[SUPPLIED DATA]
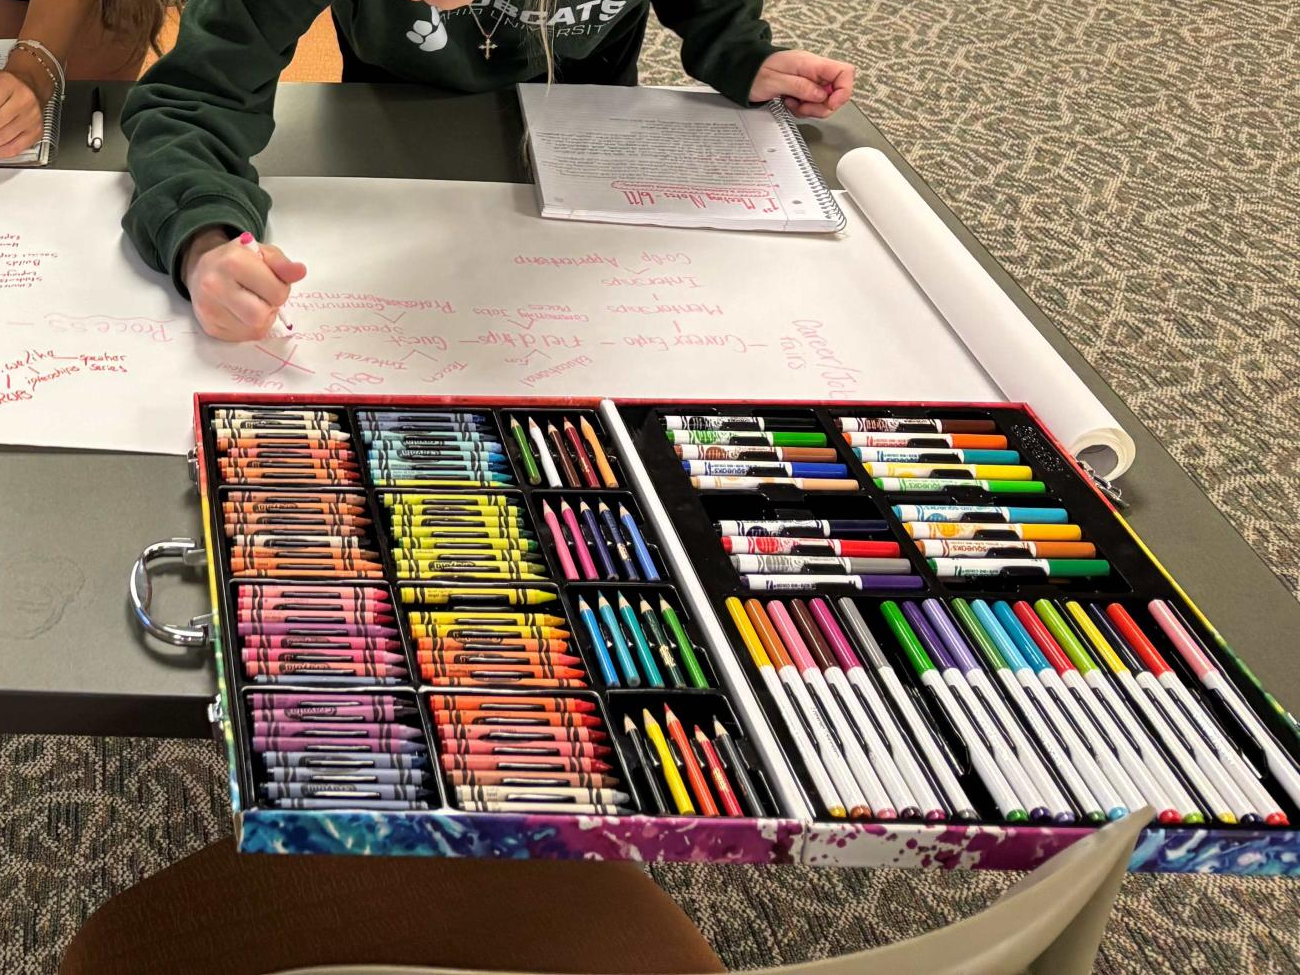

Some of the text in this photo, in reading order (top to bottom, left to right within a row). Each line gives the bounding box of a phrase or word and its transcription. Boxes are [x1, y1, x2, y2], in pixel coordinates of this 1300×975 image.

[663, 193, 707, 210] Notes
[706, 192, 756, 210] Meeting
[48, 319, 175, 343] Process
[385, 335, 448, 352] Guest
[672, 333, 750, 354] Career
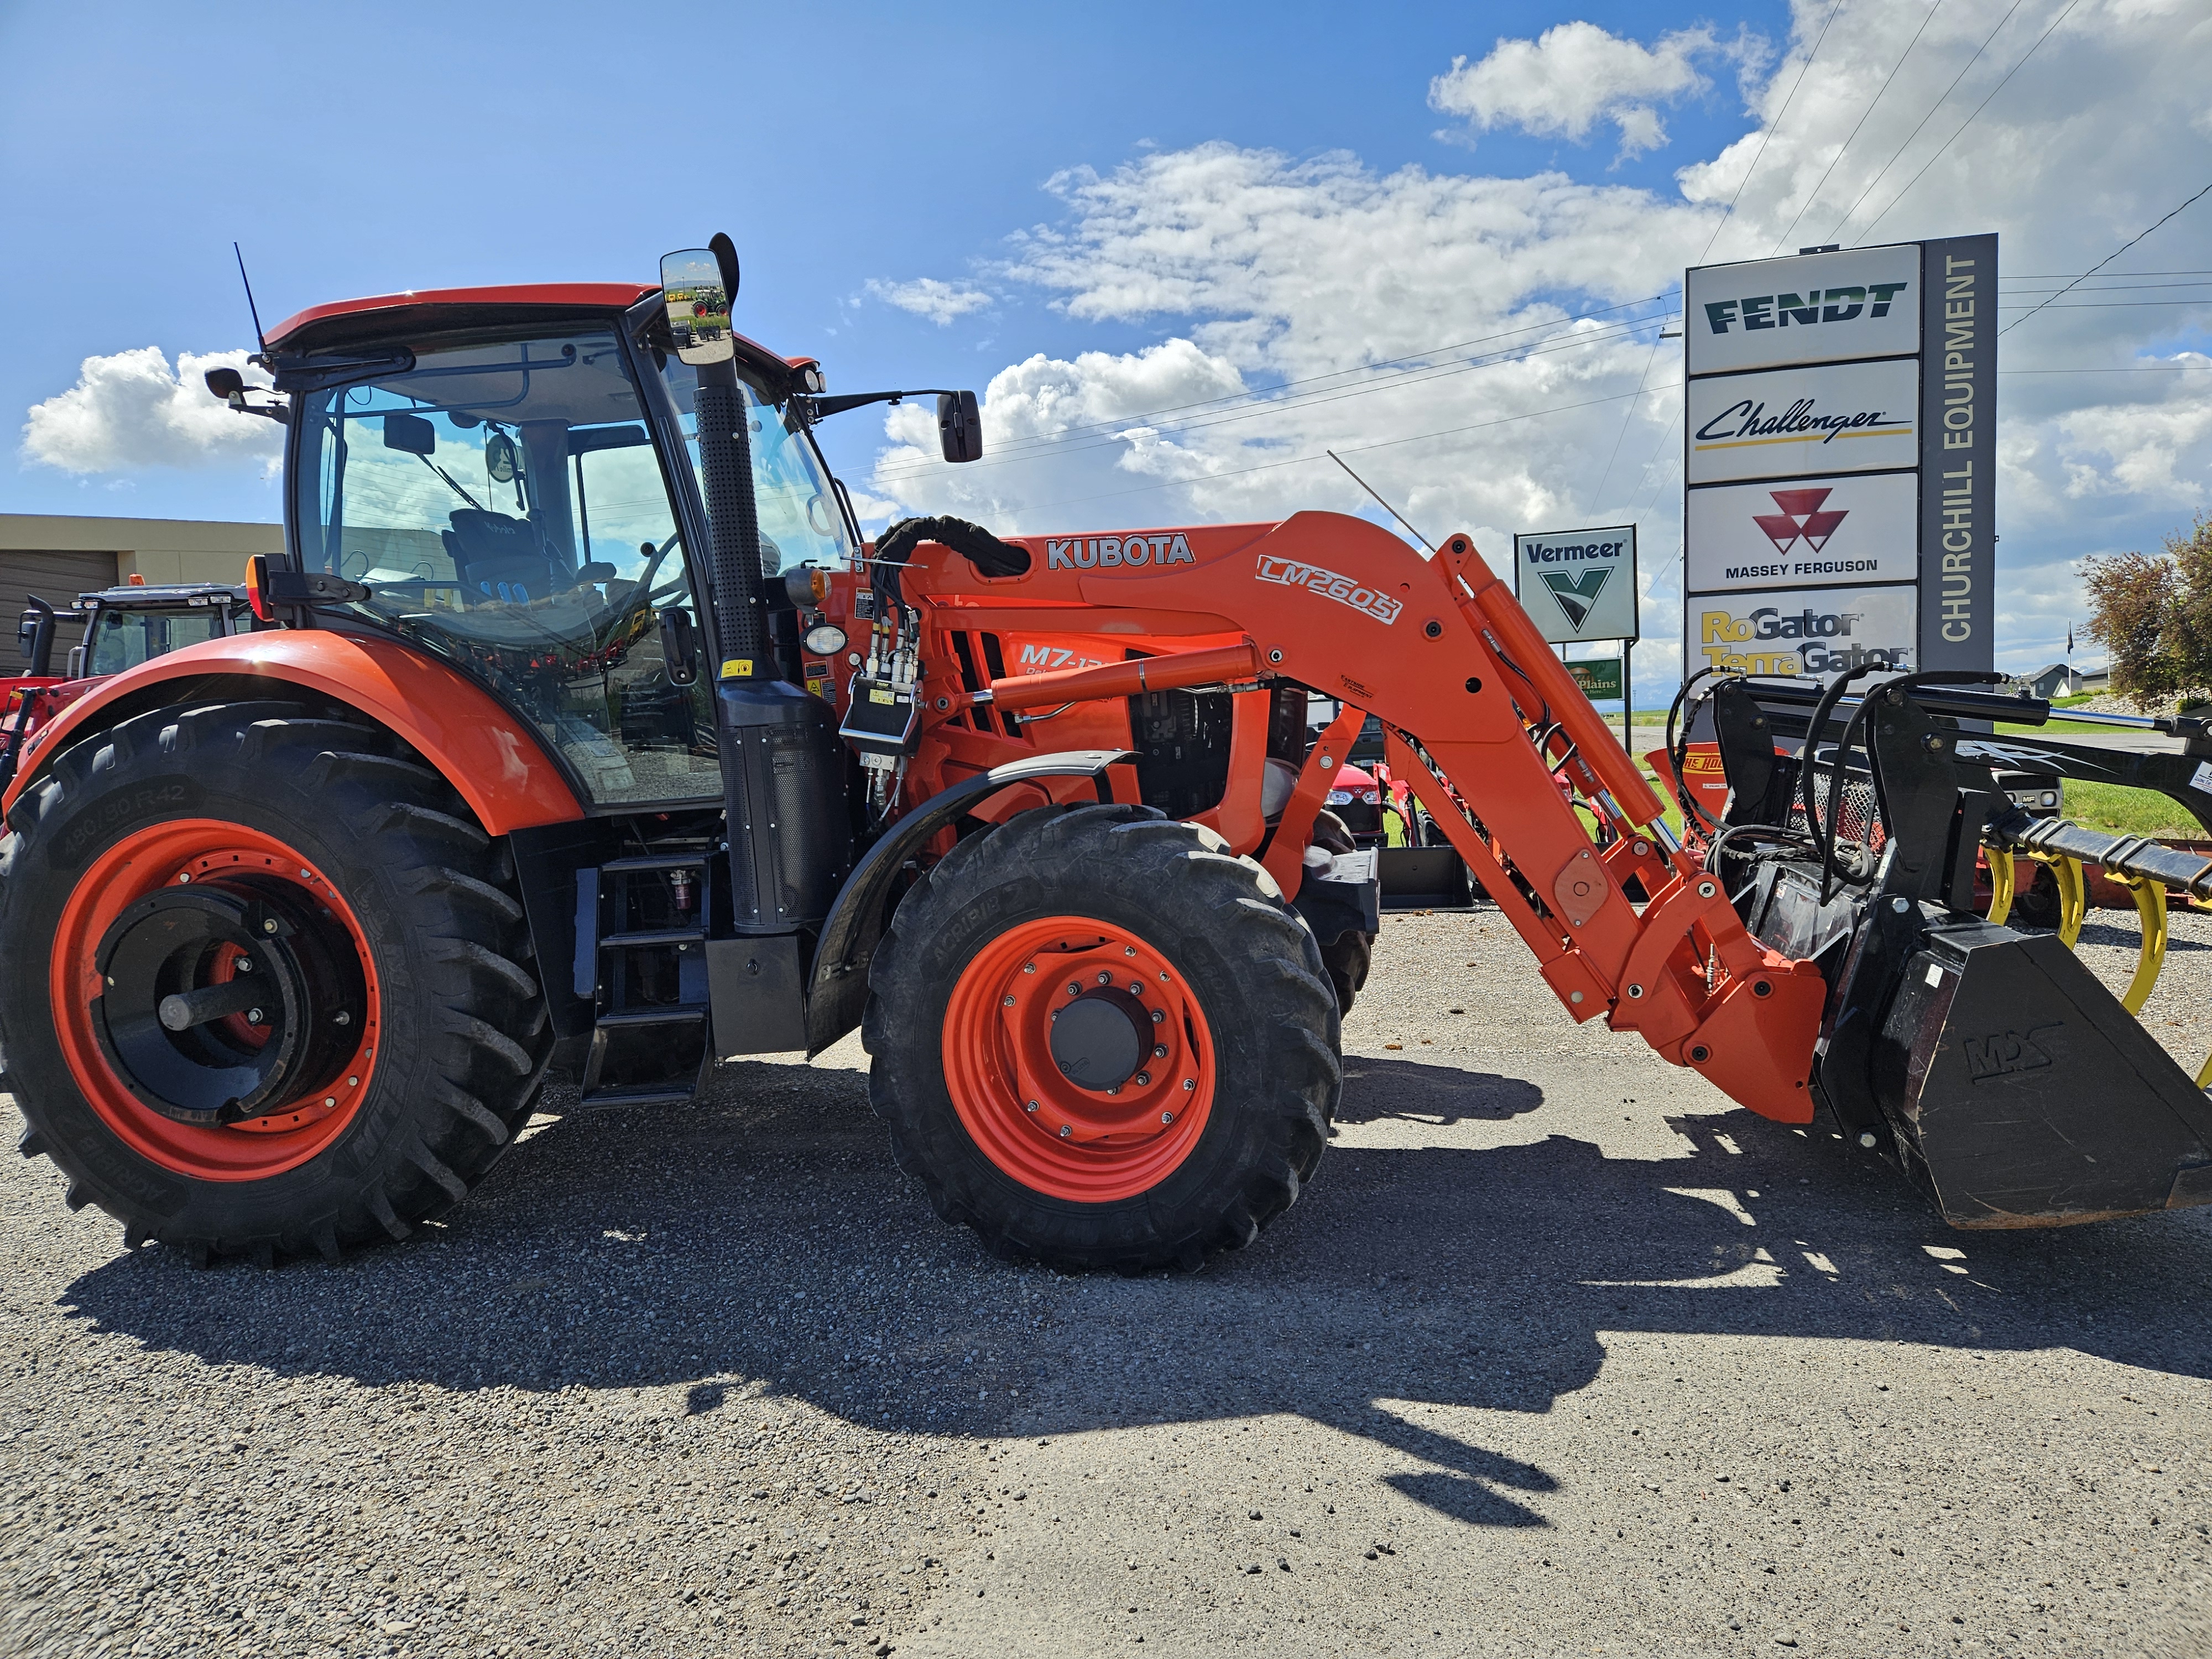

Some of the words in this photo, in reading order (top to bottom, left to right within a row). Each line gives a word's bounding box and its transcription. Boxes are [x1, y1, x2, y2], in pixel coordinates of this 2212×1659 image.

[TASK TO CARRY OUT] Could you reproduce the entries verbatim, leaving out all pictures?

[SOLVED PROBLEM]
Some of the text in this photo, in reading order (top to bottom, left to right within a row). Each line gives the bounding box of a phrase or word and its transcription. Boxes are [x1, y1, x2, y2], in pixel coordinates of this 1300×975 image.

[663, 193, 707, 210] Notes
[706, 192, 756, 210] Meeting
[48, 319, 175, 343] Process
[385, 335, 448, 352] Guest
[672, 333, 750, 354] Career

Some of the words in this photo, in reading order (top to bottom, left to right within a row). Each line gives a word's bounding box and its transcription. Boxes are [x1, y1, x2, y2], in pixel coordinates of this 2212×1659 image.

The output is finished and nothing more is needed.